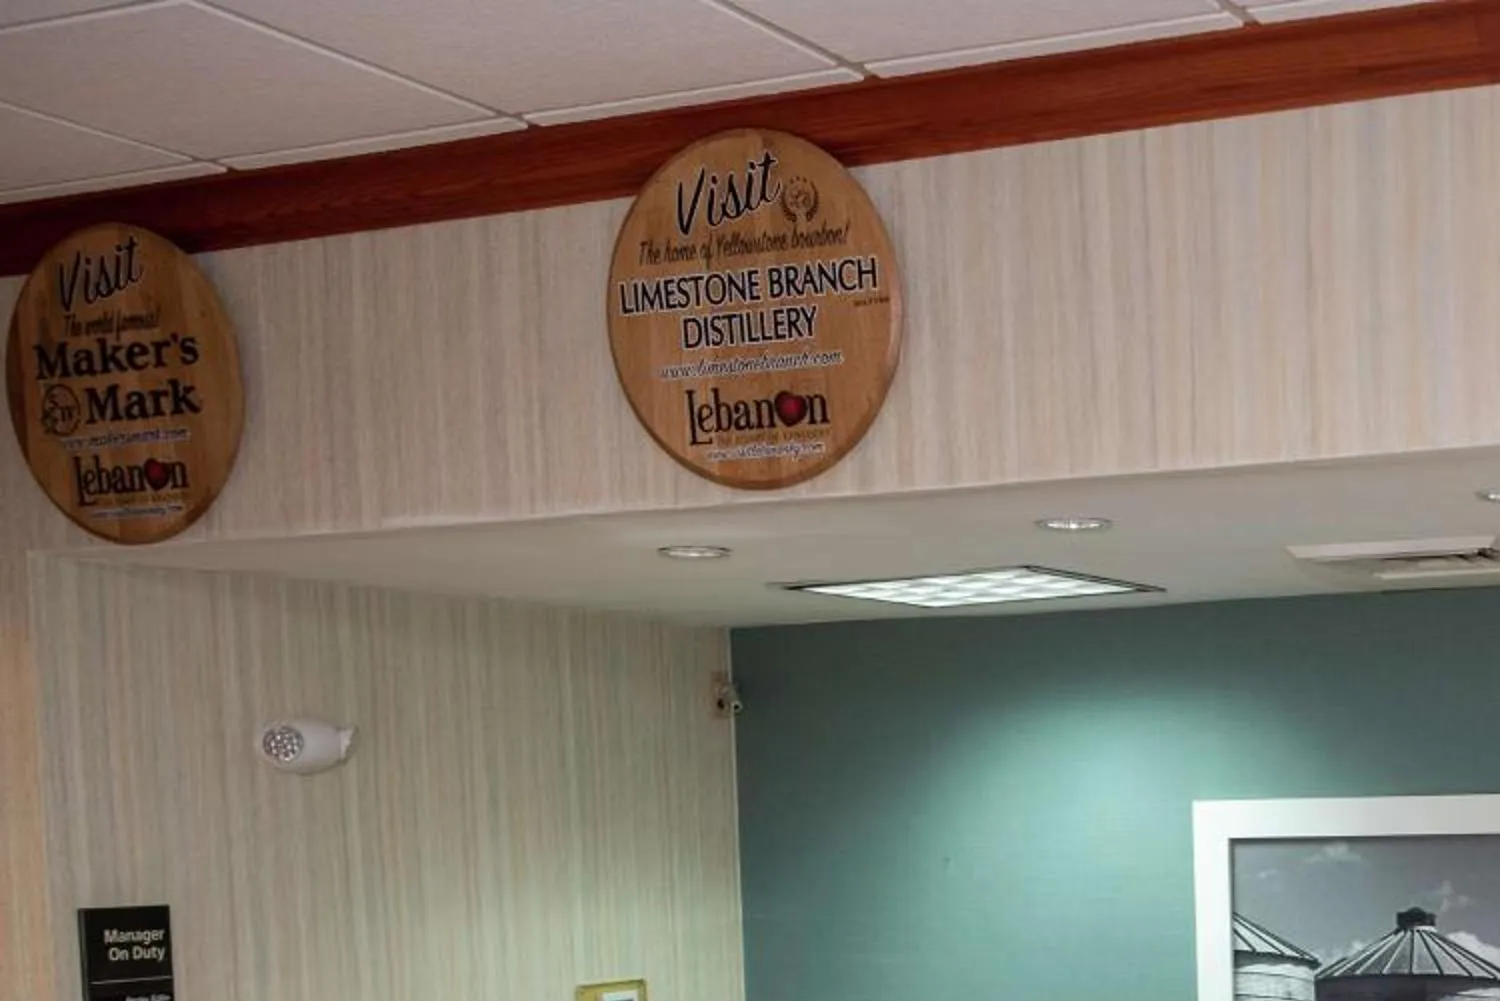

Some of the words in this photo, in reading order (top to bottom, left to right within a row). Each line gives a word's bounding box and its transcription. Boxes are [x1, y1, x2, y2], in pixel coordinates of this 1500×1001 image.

[676, 151, 781, 237] Visit
[58, 235, 145, 312] Visit
[620, 269, 761, 314] LIMESTONE
[769, 257, 878, 299] BRANCH
[683, 305, 817, 349] DISTILLERY
[32, 331, 200, 381] Maker's
[84, 378, 203, 425] Mark
[685, 387, 831, 446] Lebanon
[72, 454, 190, 506] Lebanon
[104, 928, 165, 945] Manager
[108, 946, 129, 961] On
[132, 944, 166, 962] Duty
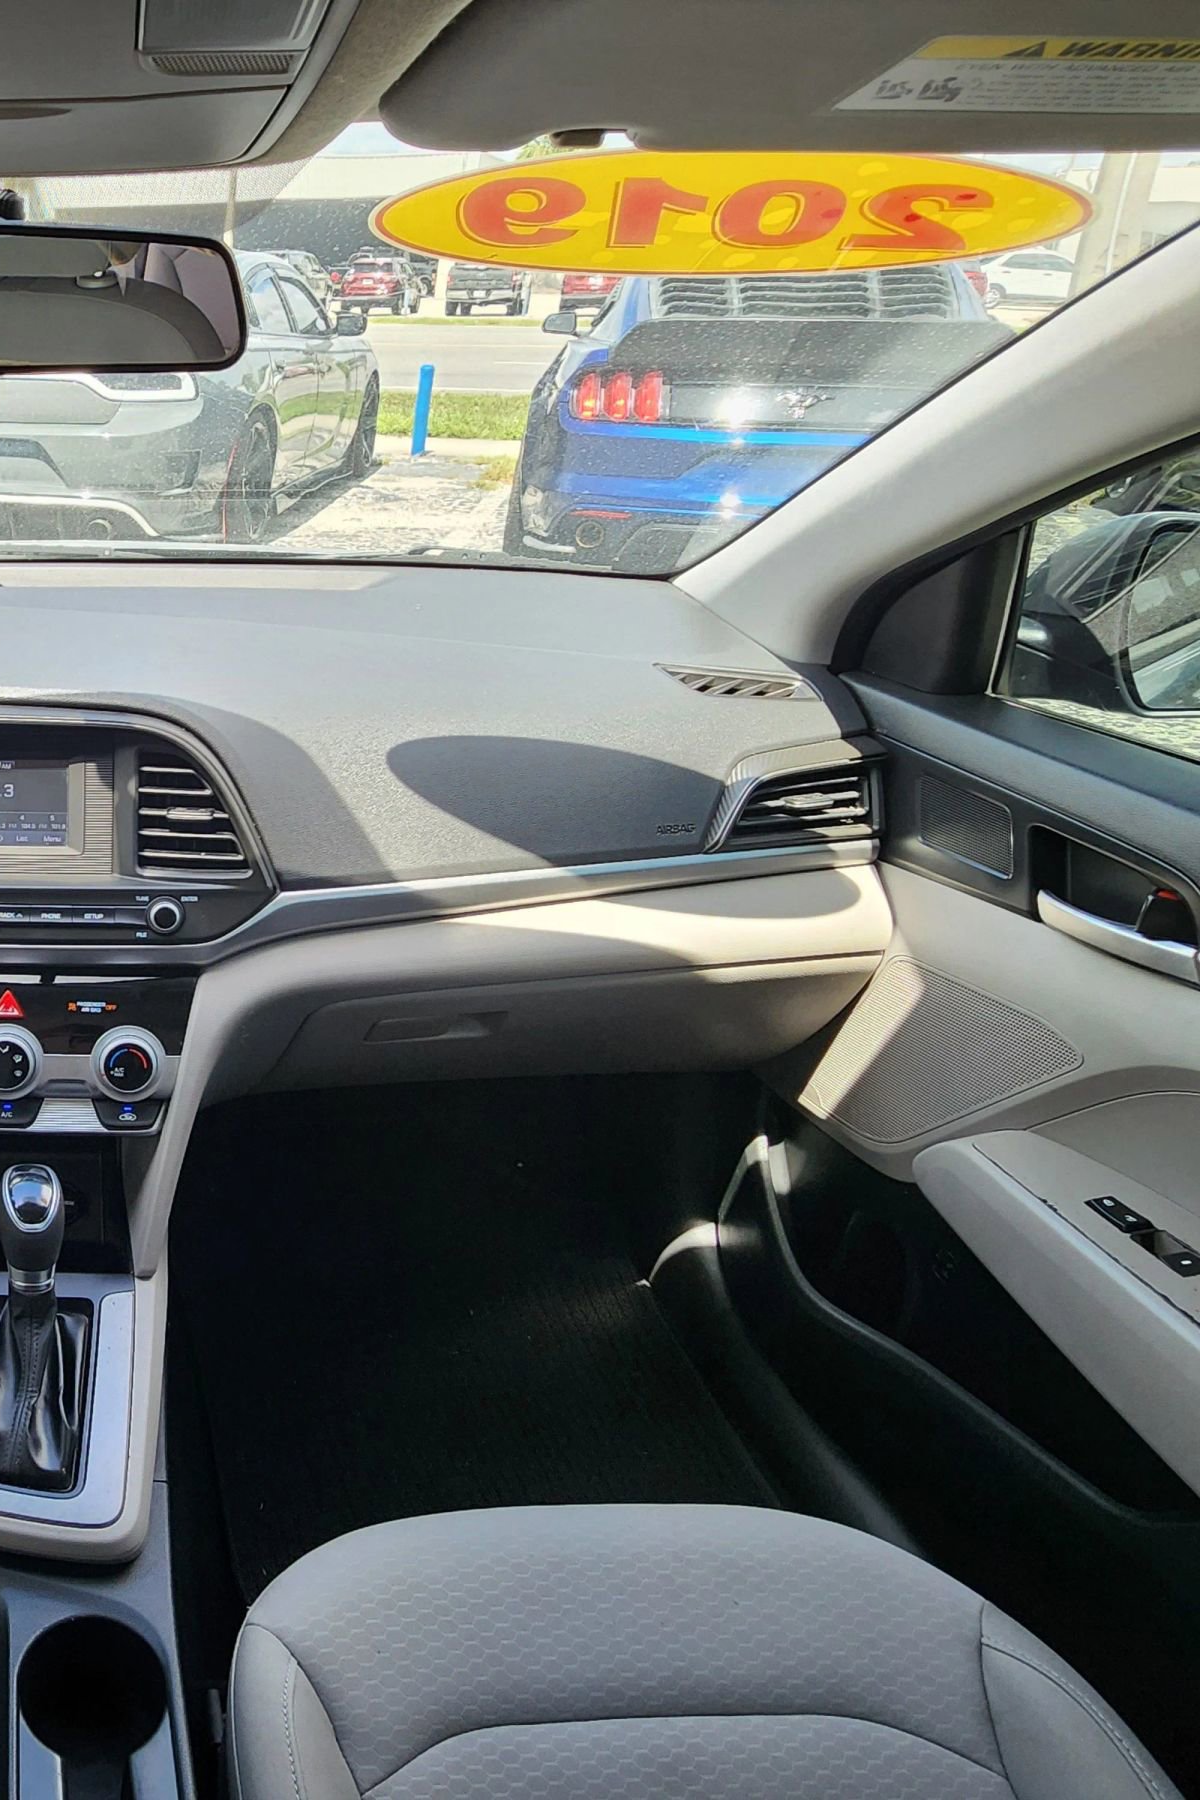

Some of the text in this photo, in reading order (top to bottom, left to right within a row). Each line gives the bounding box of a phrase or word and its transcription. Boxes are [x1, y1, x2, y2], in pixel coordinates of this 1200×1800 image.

[656, 823, 696, 834] AIRBAG
[43, 833, 63, 843] Menu
[83, 912, 105, 920] SETUP

ACTION ITEM |
Once the pictures are removed, set down what remains of the entries above exactly.

EXERCISE ANSWER |
Some of the words in this photo, in reading order (top to bottom, left to right within a row). Each line gives a word's bounding box and its transcription. Boxes are [x1, y1, x2, y2], in pixel coordinates of this 1500×1001 image.

[676, 151, 781, 237] Visit
[58, 235, 145, 312] Visit
[620, 269, 761, 314] LIMESTONE
[769, 257, 878, 299] BRANCH
[683, 305, 817, 349] DISTILLERY
[32, 331, 200, 381] Maker's
[84, 378, 203, 425] Mark
[685, 387, 831, 446] Lebanon
[72, 454, 190, 506] Lebanon
[104, 928, 165, 945] Manager
[108, 946, 129, 961] On
[132, 944, 166, 962] Duty

Some of the text in this photo, in reading order (top to bottom, left to right within a row). Each line gives the bounding box of a phrase or word and its transcription. Boxes are [x1, y1, x2, y2], in pixel coordinates of this 1200×1800 image.

[656, 823, 696, 834] AIRBAG
[43, 833, 63, 843] Menu
[83, 912, 105, 920] SETUP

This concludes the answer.